1.4 History of E. coli
The
genera Escherichia and Salmonella diverged around 102 million years ago, which
coincides with the divergence of their host: the former being found in mammals
and latter in birds and reptiles (Battlistuzi et al., 2004). This was followed by a split of the Escherichian ancestor into five species
(E. alberti, E. coli, E. Fergusonii, E.
hermannii and E. vulneria).
In
1885, a German Pediatrician called Theodor Escherich, discovered this organism
in the faeces of healthy individuals and called it “Bacterium coli commune” due
to the fact it is found in the colon and early classification of prokaryotes
placed these genera based on their shape and motility (Haeckel et al., 1867), during this period, Erbst
Haeckel’s classification of bacteria in the kingdom monera was in place.
Bacterium coli was the type species of the now invalid genus bacterium when it
was revealed that the former type species “Bacterium triloculare” was missing
following the reclassification as Bacillus
coli by Migula in 1895 and later
reclassified in the newly created genus Escherichia
named after its original discoverer (Castellani and Chalmers, 1919).
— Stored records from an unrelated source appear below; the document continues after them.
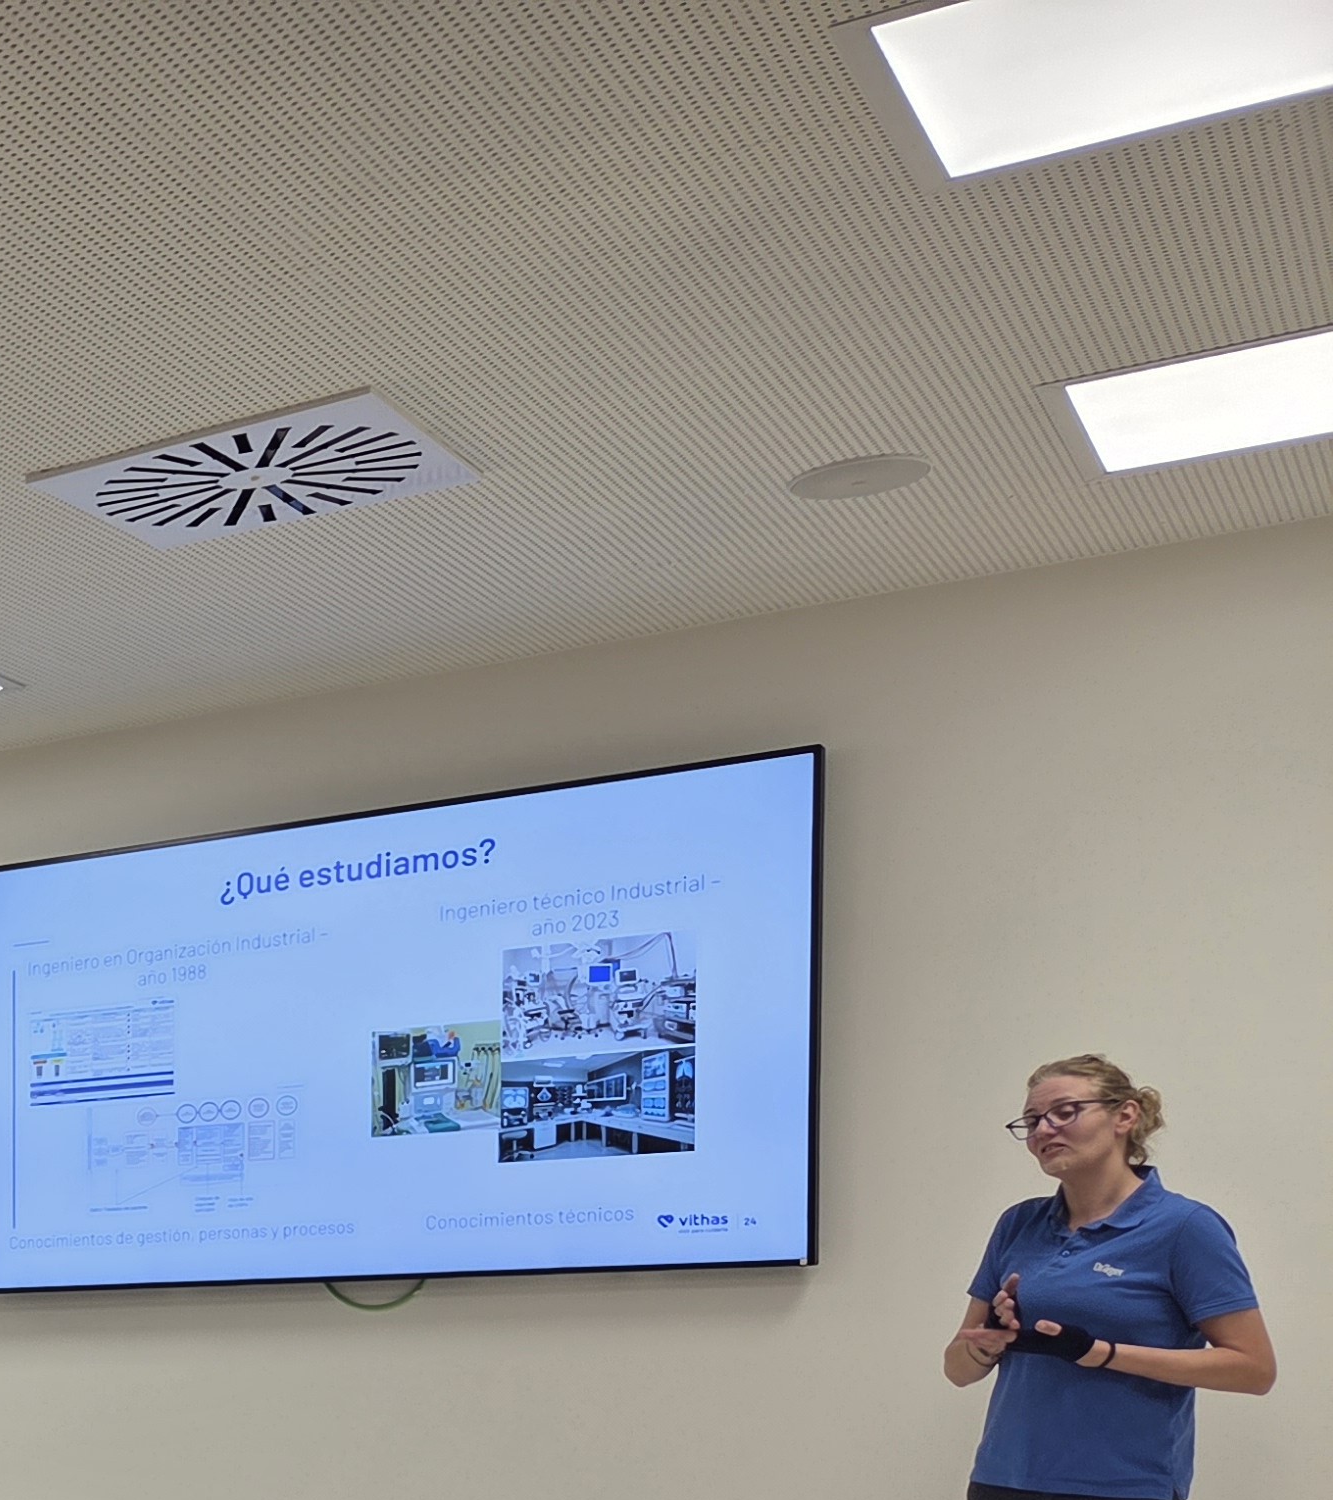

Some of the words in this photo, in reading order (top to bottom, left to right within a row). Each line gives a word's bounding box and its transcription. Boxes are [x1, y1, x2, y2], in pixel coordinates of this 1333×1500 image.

[220, 866, 290, 905] ¿Qué
[299, 838, 496, 888] estudiamos?
[439, 895, 528, 924] Ingeniero
[533, 885, 605, 911] técnico
[610, 874, 706, 902] Industrial
[531, 915, 567, 937] año
[571, 910, 620, 933] 2023
[27, 956, 100, 979] Ingeniero
[103, 953, 123, 969] en
[126, 939, 232, 966] Organización
[236, 927, 316, 951] Industrial
[137, 970, 168, 987] año
[171, 964, 207, 984] 1988
[425, 1212, 554, 1232] Conocimientos
[558, 1206, 635, 1225] técnicos
[678, 1214, 729, 1227] vithas
[743, 1217, 757, 1226] 24
[8, 1233, 113, 1251] Conocimientos
[116, 1231, 133, 1246] de
[199, 1226, 268, 1244] personas
[271, 1225, 280, 1241] y
[283, 1222, 355, 1240] procesos
The genus
belongs in a group of bacteria informally known as “coliforms” and is a member
of the Enterobacteriaceae family (enterics) of the gamma proteobacteria (George
and Garrity, 2005).
Certain
strains of E. coli are a major cause
of food borne illness (diarrheal illness) such as enterotoxigenic E. coli
(ETEC), enteropothogenic E. coli
(EPEC), entero hemorrhagic E. coli (EHEC) also called shiga toxin
producing E. coli or (STEC), enteroaggregative
E. coli (EAEC or EAggEc), however E. coli (EHEC) bacteria can lead to
hemolyticurenic syndrome (HUS), a medical emergency that requires urgent
treatment (Rohde et al., 2011).
E. coli
and related bacteria posses the ability to transfer DNA via bacteria
conjugation, transduction or transformation, which allows genetic material to
spread horizontally through an existing population. This process of the gene
encoding shiga toxin from shigella to E.
coli 0157.H7 carried by a bacteriophage.
1.5 Diversity
E. coli
encompasses and enormous population of bacteria that exhibit a very high degree
of both genetic phenotypic diversity, and remains one of the most diverse
bacterial species which only 20% of the genome is common to all strains (Lukjencenko
et al., 2010). A strain is a
sub-group within the species that has unique characteristics that distinguish
it from other strains. These differences are often detectable only at the
molecular level; however, they may result in changes to the physiology or
lifecycle of the bacterium. For example, a strain may gain pathogenic capacity,
the ability to use a unique carbon source, the ability to take upon a
particular ecological niche or the ability to resist antimicrobial agents.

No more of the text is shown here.